I just kept thinking ahead, instead of behind as well. I like yours best! Simple rationality !!!


#6

function diffArray(arr1, arr2) {

var newArr = [];

// Sort Array 1
arr1.sort(function (a,b){
return a.length-b.length;
});

// Sort Array 2
arr2.sort(function (a,b){
return a.length-b.length;
});

for (var i = 0; i<arr1.length; i++){

for(var j = 0; j<arr2.length; j++){
  
  if(arr1[i] === arr2[j]){
    
    delete arr1[i];                       // remove common elements from arr1 and arr2
    delete arr2[j];
  }
}

}
newArr = (arr1.filter(Boolean)).concat(arr2.filter(Boolean)); // concat the two arrays after removing the Boolean values like null, undefined which may have been there after deleting the array elements
return newArr;
}

diffArray([1, 2, 3, 5], [1, 2, 3, 4, 5]);

Output: [4]


#7

My solution:

function diffArray(arr1, arr2) {
  // filter each array for the absent members
  var filteredArr1 = arr1.filter((el) => arr2.indexOf(el) === -1),
      filteredArr2 = arr2.filter((el) => arr1.indexOf(el) === -1);

  // merge both sets of absent members
  return filteredArr1.concat(filteredArr2);
}

#8

Hi I really like your solution, especially that it is much shorter than mine. But I see syntax like .filter((el) => arr…)
And I dont mean filter method, but => statement. What is it? How to call it and where can I find any tutorial about it?

Thanks in advance.
Kamil


#9

=> is the es6 “fat arrow” function syntax.


#10

Hi there, I have just completed diff two arrays bonfire. Comment on the solutions please and any suggestions for improvement are welcome. Thanks



function diffArray(arr1, arr2) {

  return arr1.filter(function(elem){
    return arr2.indexOf(elem) < 0;
  }).concat(arr2.filter(function(elem){
    return arr1.indexOf(elem) < 0;
  }));

 
}


diffArray([1, 2, 3, 5], [1, 2, 3, 4, 5]);

#11

I’m a complete newb, here was my attempt. (I’m addicted to for loops… :slight_smile: )

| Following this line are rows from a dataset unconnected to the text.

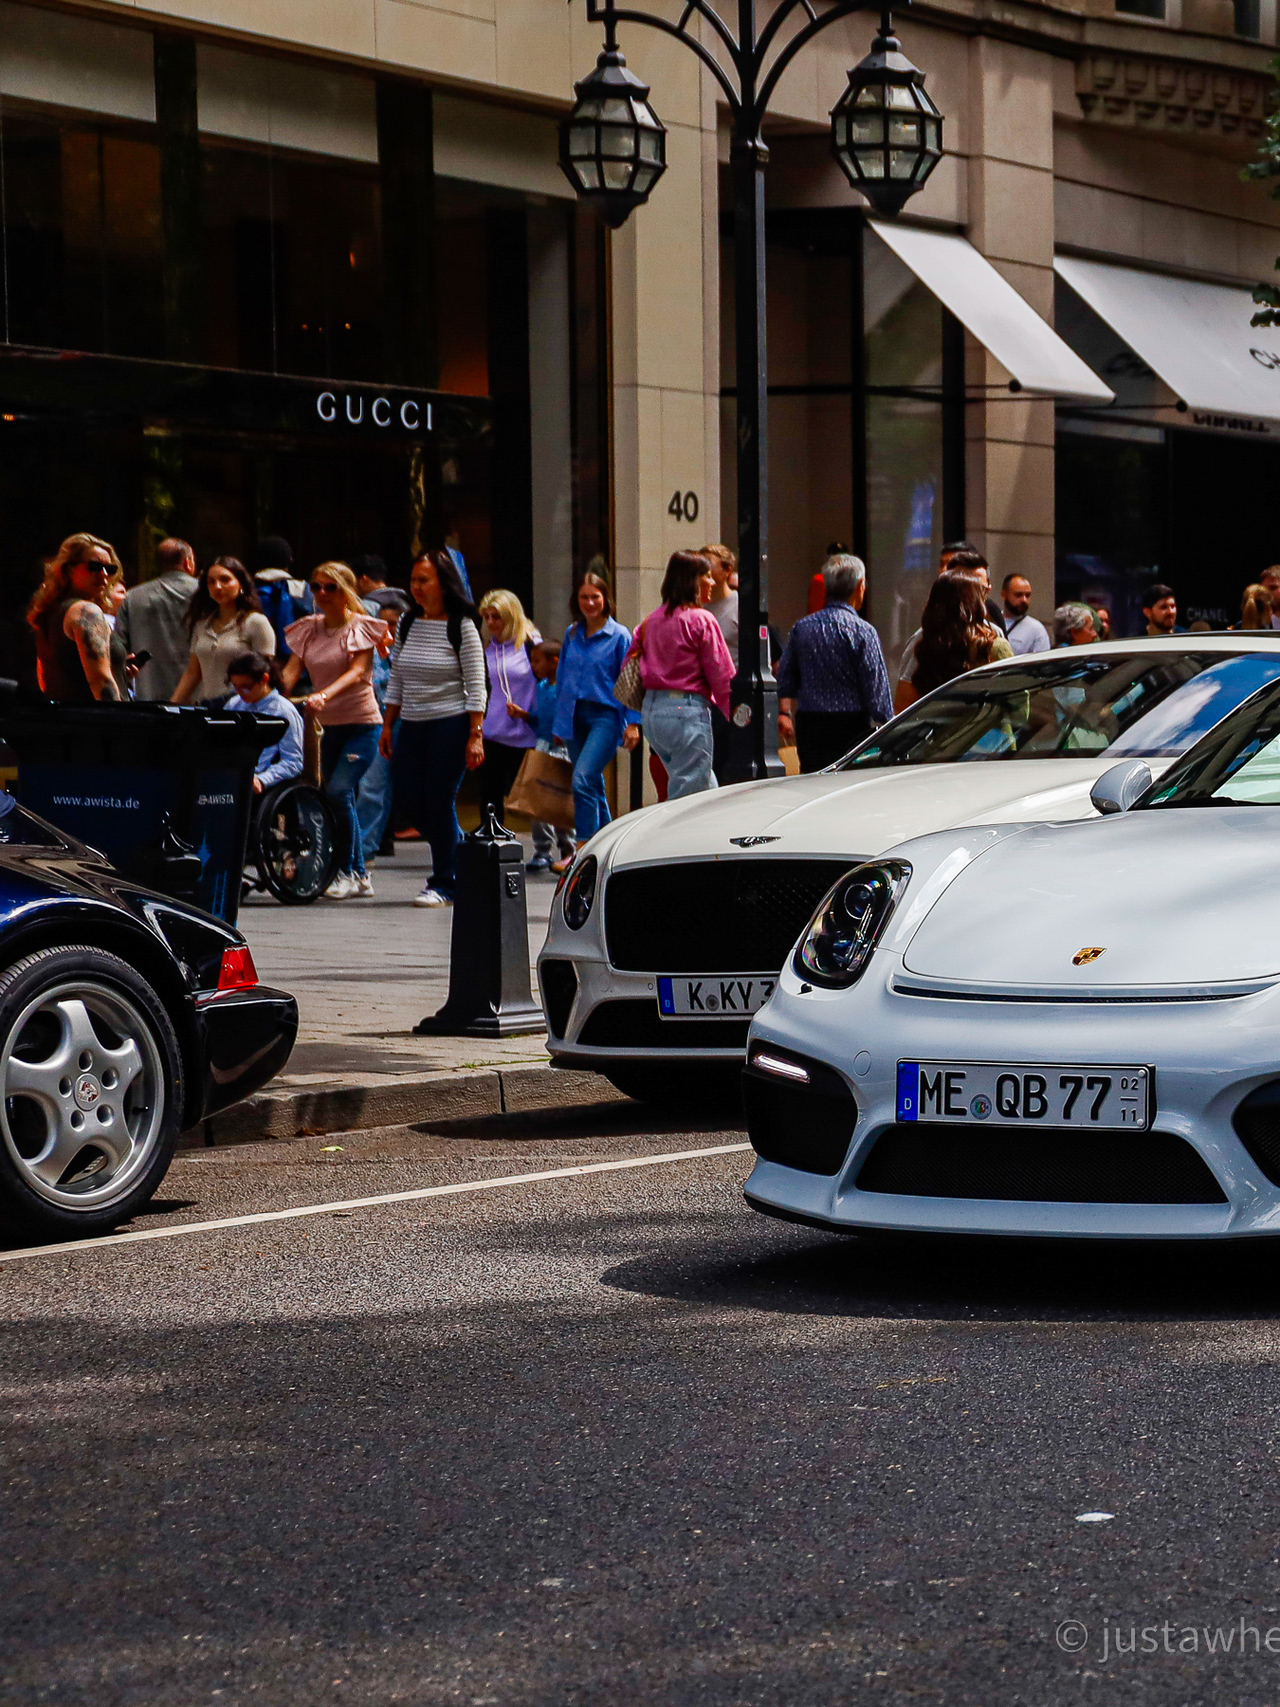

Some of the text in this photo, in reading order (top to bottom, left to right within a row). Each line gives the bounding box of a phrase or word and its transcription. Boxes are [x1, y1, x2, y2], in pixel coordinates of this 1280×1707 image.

[316, 391, 433, 431] GUCCI
[667, 490, 699, 523] 40
[1186, 606, 1229, 622] CHANEL
[53, 795, 140, 809] www.awista.de
[687, 981, 705, 1011] K
[719, 981, 753, 1011] KY
[1120, 1077, 1139, 1090] 02
[919, 1069, 1112, 1120] ME QB 77
[904, 1098, 912, 1110] D
[1120, 1109, 1137, 1122] 11
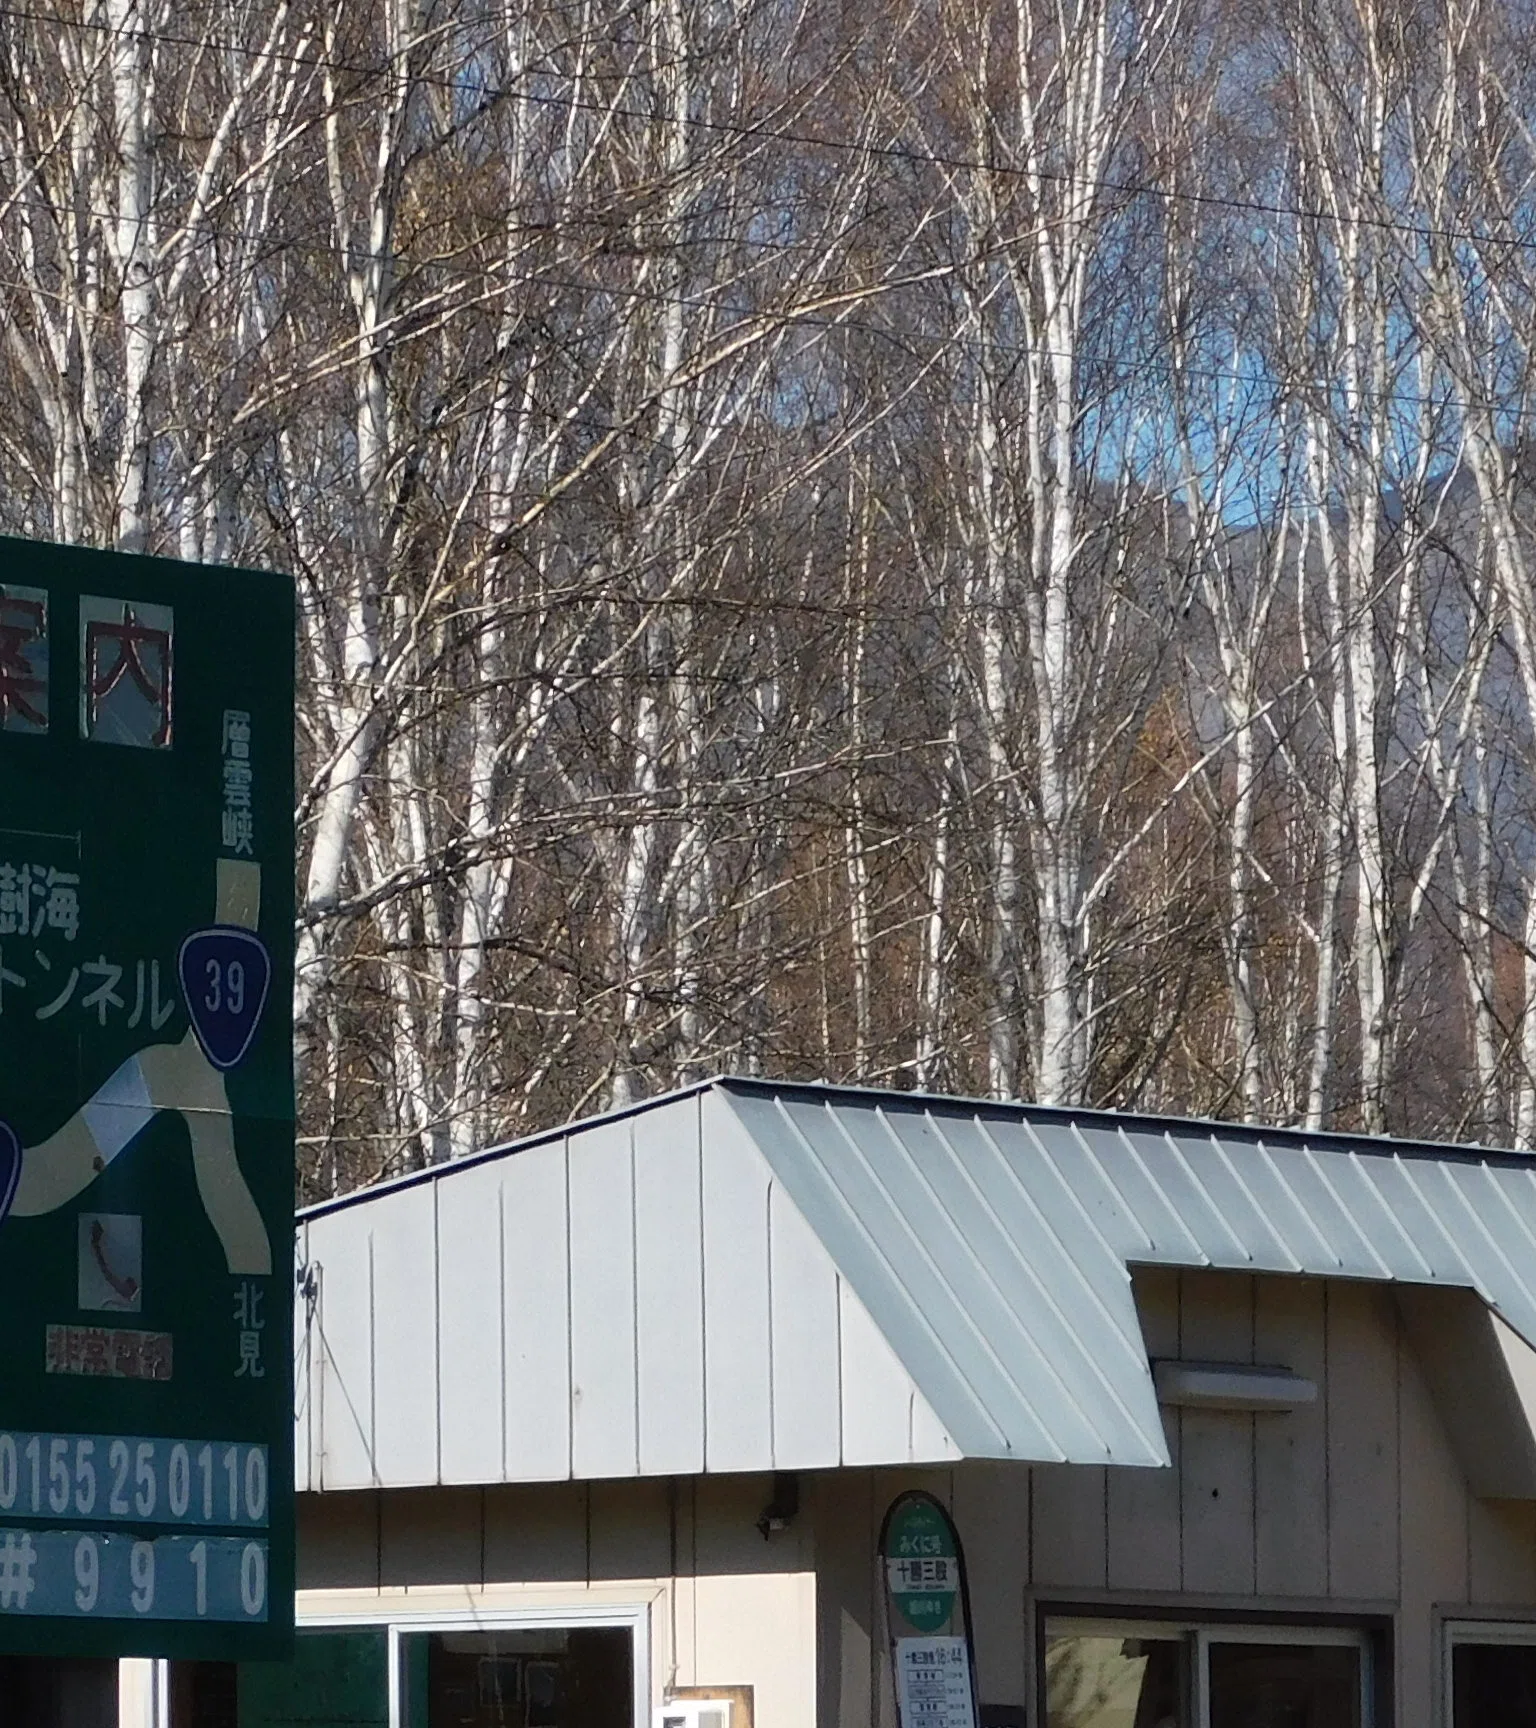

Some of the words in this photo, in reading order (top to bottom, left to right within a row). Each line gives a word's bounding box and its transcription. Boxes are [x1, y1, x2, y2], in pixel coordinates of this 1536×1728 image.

[221, 709, 255, 856] 層雲峡
[205, 958, 245, 1014] 39
[232, 1281, 266, 1378] 北見

function diffArray(arr1, arr2) {
var arr3 = arr1.concat(arr2);

for (i=0; i < arr3.length; i++){
for (j=0; j< arr2.length; j++){
for (k=0; k<arr1.length; k++){
if (arr1[k] === arr3[i] && arr2[j] === arr3[i]){
delete arr3[i];
}
}
}
}
return arr3;
}


#12

an other solution which is almost the same as belcurv one:

function diffArray(arr1, arr2) {
var newArr = [];
// Same, same; but different.
newArr = arr1.filter(val => { return arr2.indexOf(val) === -1; }).concat(arr2.filter(val => { return arr1.indexOf(val) === -1; }));
return newArr;
}

diffArray([1, 2, 3, 5], [1, 2, 3, 4, 5]);


#13

Hi there , here’s my approach

var newArr = arr1.concat(arr2); //concat both arrays sorting
var singledout=[];
for (i=0;i<newArr.length;i++)
{
if (newArr.indexOf(newArr[i])==newArr.lastIndexOf(newArr[i]))
{
singledout.push(newArr[i]); //add item only if its once in the array
}
}

return singledout ;


#14
function diffArray(arr1, arr2) {
 return arr1 //returns the final iteration of the array
.concat(arr2) //combines arr1 and arr2 into a  new array
.filter( //creates a new array with elements that pass a test
item => //this is a shorthand for a function expression
!arr1.includes(item) //this is a test that only passes elements that are NOT included in arr1
|| !arr2.includes(item) //this is a test that only passes elements that are NOT included in arr2
   )
}

diffArray([1, 2, 3, 5], [1, 2, 3, 4, 5]);

I found it tricky to understand how the intermediate solution actually worked and the elements involved in it. Therefore I broke down each step and tried to explain it in comments. This has helped me to understand the more complex code going on here. Could someone please let me know if any of my explanations are incorrect and if this is the right way to contribute.


#15

I have also gone through the advanced code solution, adding comments. It seems that the only differences between the intermediate and advanced solutions are:

  1. that “item” has been replaced with “el” which suggests that these are labels that can be almost anything you like.
  2. The filtering of arr1 has happened before the concat element which means that filter has to be called twice and there is no need for an “or ||” call.
  3. It would appear that the advanced solution is a little less intuitive and demonstrates that ordering is not as fixed as it seems.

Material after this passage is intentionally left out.